Plaignant
Guy Falardeau
Mis en cause
Bernard Champoux, rédacteur en
chef, et Le Nouvelliste (Jean Sisto, président et éditeur)
Résumé de la plainte
Le plaignant qui est pédiatre,
porte plainte contre Le Nouvelliste et son rédacteur en chef Bernard
Champoux. Il reproche d’abord à ce dernier, son éditorial intitulé
« Le Ritalin au banc des accusés » publié le 1er
juin 1998. Selon le plaignant, ce texte de Bernard Champoux contient des
erreurs factuelles et présente certaines opinions discutables comme autant de
faits non contestés.
Le plaignant reproche ensuite au
journal et à son éditorialiste, d’avoir publié une réplique à sa lettre au
lecteur, en date du 4 juin, réplique qui fait allusion à des
« insultes et impolitesses » qui ont été expurgées du
texte. Ce faisant, le plaignant considère que les lecteurs ne peuvent pas
distinguer entre « l’ironie » qu’il admet avoir utilisée
dans sa lettre, et la grossièreté que suggèrent les mots « insultes
et impolitesses ».
Griefs du plaignant
Le docteur Guy Falardeau reproche à
l’éditorialiste Bernard Champoux d’avoir affirmé que plus de 175 000 enfants au
Québec prenaient quotidiennement du Ritalin. Cette erreur est d’autant plus
grave, selon le plaignant, que Le Nouvelliste avait déjà publié une
nouvelle quelques jours auparavant corrigeant cette confusion entre le nombre
de prescriptions émises et le nombre d’enfants traités, qui serait plutôt de 18
000.
Autre erreur de fait soulignée par
le plaignant, la confusion chez l’éditorialiste entre la Commission des
citoyens pour les droits de l’homme qu’il présente comme l’ancêtre de
l’actuelle Commission des droits de la personne. Or, la Commission des citoyens
pour les droits de l’homme est l’émanation d’une secte, l’Église de
scientologie, et sa condamnation du Ritalin comme « drogue dangereuse »
se trouve parée de la crédibilité d’un organisme gouvernemental respecté avec
lequel elle n’a rien à voir.
Le plaignant dénonce aussi une
série d’affirmations de Bernard Champoux qu’il estime sans nuances:
Le Ritalin « ne favorise
aucunement le développement des habilités cognitives nécessaires à la
résolution de problèmes, pas plus qu’il n’accentue le développement d’habilités
sociales ». Pédiatre et auteur, Guy Falardeau reproche à
l’éditorialiste de ne pas citer ses sources et de taire l’opinion de plusieurs
autres spécialistes, dont il est, qui pensent le contraire.

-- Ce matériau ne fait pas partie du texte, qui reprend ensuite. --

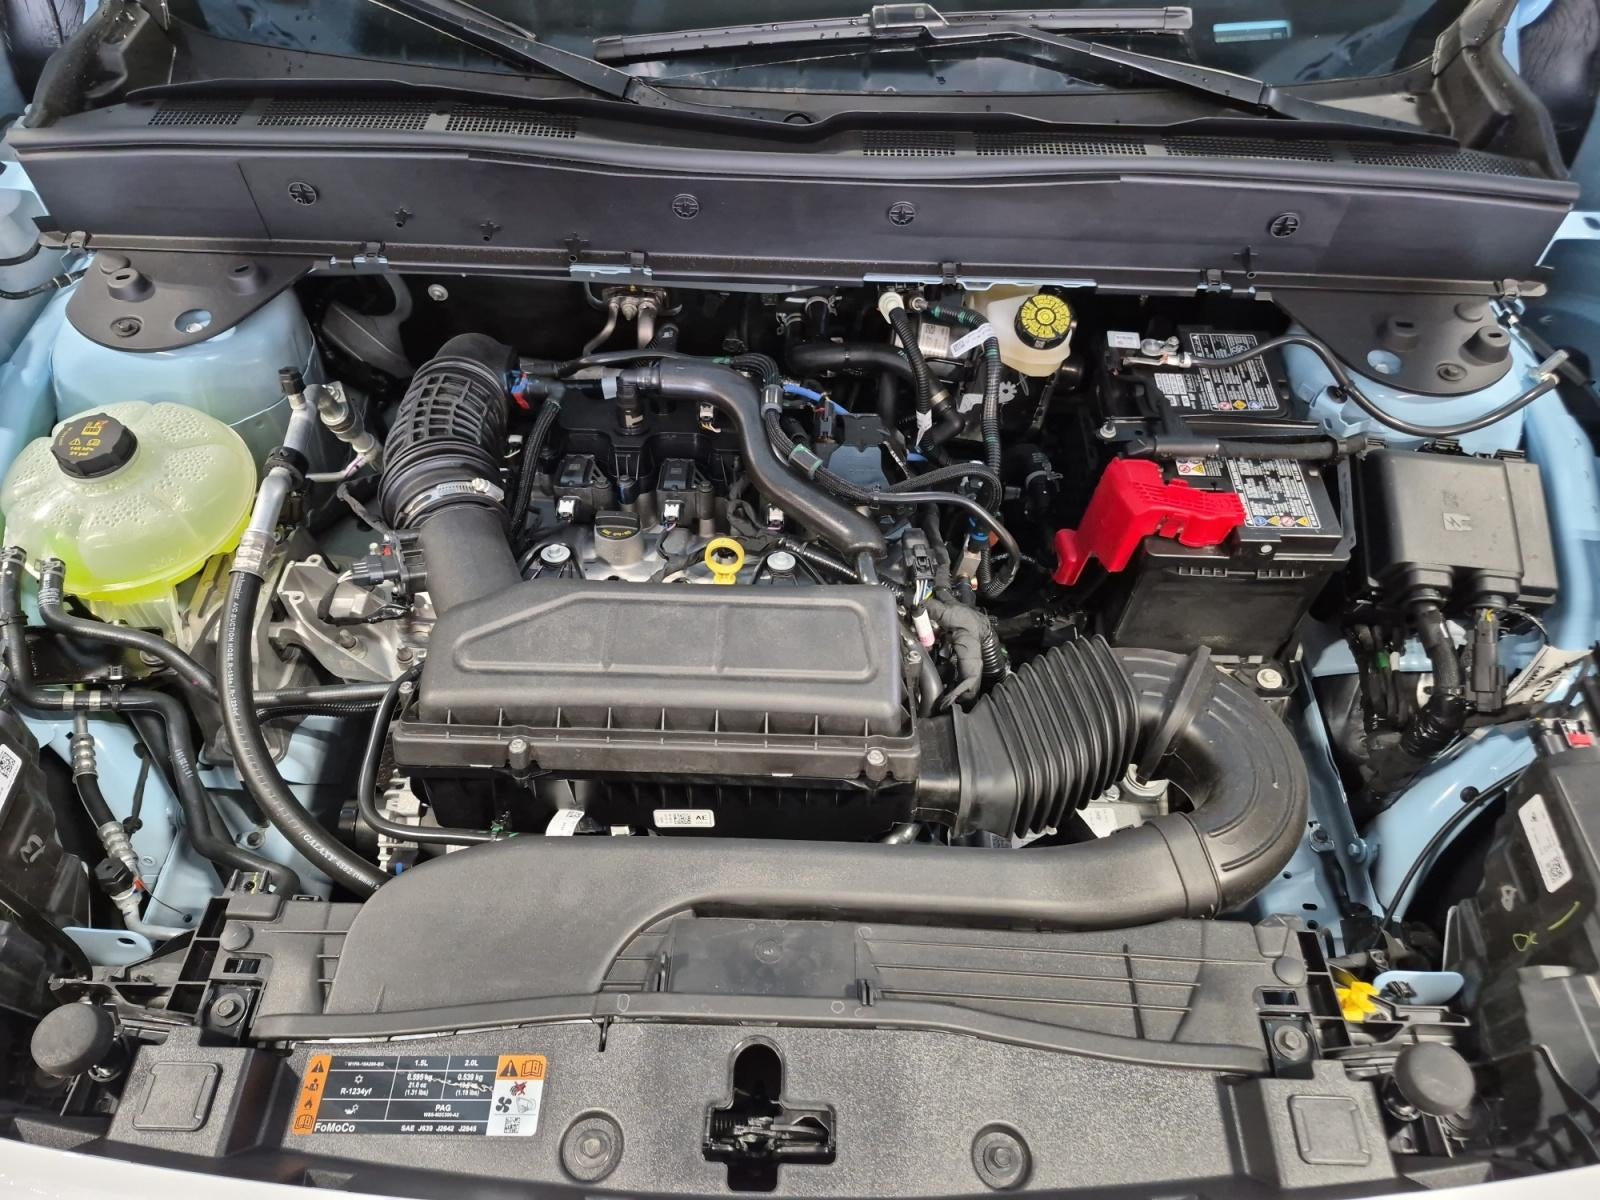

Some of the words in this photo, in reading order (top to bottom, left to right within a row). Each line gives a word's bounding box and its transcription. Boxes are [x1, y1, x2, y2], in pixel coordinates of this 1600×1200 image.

[228, 613, 237, 642] SUCTION
[303, 833, 337, 862] GALAXY
[414, 1059, 429, 1067] 1.5L
[464, 1059, 479, 1067] 2.0L
[424, 1073, 433, 1082] kg
[475, 1073, 484, 1082] kg
[340, 1087, 373, 1097] R-1234yf
[435, 1104, 452, 1112] PAG
[314, 1122, 356, 1133] FoMoCo
[400, 1124, 415, 1132] SAE

« …c’est connu, les médicaments font toujours plus de mal que de
bien à ceux qui en consomment durant de longues périodes ». Voilà une
autre affirmation présentée comme un fait incontesté alors qu’elle est, selon
le docteur Falardeau, éminemment contestable: « Pensez à toutes
les personnes asthmatiques, cardiaques, diabétiques, épileptiques dont la vie
dépend des médicaments ».
« Au dire de grands
spécialistes, la psychothérapie, les approches psychologiques et spirituelles
sont plus efficaces que les médicaments à répétition ». Le plaignant
aurait souhaité savoir qui sont les spécialistes en question puisqu’il en
connaît autant qui affirment le contraire.

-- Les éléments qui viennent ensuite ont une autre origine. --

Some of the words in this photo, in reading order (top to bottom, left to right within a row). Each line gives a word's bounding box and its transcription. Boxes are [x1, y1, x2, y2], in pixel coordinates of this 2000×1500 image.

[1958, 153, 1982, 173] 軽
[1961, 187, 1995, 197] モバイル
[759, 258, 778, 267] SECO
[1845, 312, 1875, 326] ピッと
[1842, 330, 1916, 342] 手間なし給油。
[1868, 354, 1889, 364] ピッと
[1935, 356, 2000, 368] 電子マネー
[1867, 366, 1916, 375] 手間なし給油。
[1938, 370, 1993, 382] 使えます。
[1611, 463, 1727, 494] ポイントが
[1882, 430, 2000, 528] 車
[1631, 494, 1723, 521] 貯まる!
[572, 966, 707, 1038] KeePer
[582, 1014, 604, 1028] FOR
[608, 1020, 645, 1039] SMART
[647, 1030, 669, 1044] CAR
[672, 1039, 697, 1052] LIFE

Finalement, monsieur Falardeau
reproche à Bernard Champoux et au Nouvelliste d’avoir amputé sa lettre
au lecteur de quelques phrases pour ensuite y faire allusion dans la réplique
de l’éditorialiste comme autant » d’insultes et impolitesses ».
Admettant avoir utilisé l’ironie mais non la vulgarité dans sa lettre, le
docteur Falardeau considère que Le Nouvelliste et son éditorialiste
pouvaient soit publier la lettre au complet s’ils voulaient en critiquer des
passages, ou bien taire ces critiques s’ils décidaient d’amputer les sections
visées par leurs commentaires.
Autre facteur aggravant selon le
plaignant, le refus de l’éditorialiste de reconnaître et corriger son erreur au
sujet de la filiation entre la Commission des citoyens pour les droits de
l’homme et la Commission des droits de la personne.
Commentaires du mis en cause
Le mis-en-cause considère que
l’erreur concernant le nombre d’enfants qui consomment du Ritalin que
« pouvait » contenir son éditorial, ne justifie pas la
plainte du docteur Guy Falardeau. Cela prouve, selon lui, que M. Falardeau est
le genre d’individu qui ne supporte pas la contradiction.
Le rédacteur en chef du Nouvelliste
reproche d’abord au plaignant de citer un jeune patient ou une mère dans sa
lettre sans les nommer, ce qui rend impossible toute vérification des propos
qui leurs sont imputés. « Étant l’un des médecins qui prescrivent le
plus de Ritalin à des enfants, on peut comprendre ce professionnel de la santé
de vouloir conserver la confiance des parents qui croient aveuglément aux
vertus de ce médicament ».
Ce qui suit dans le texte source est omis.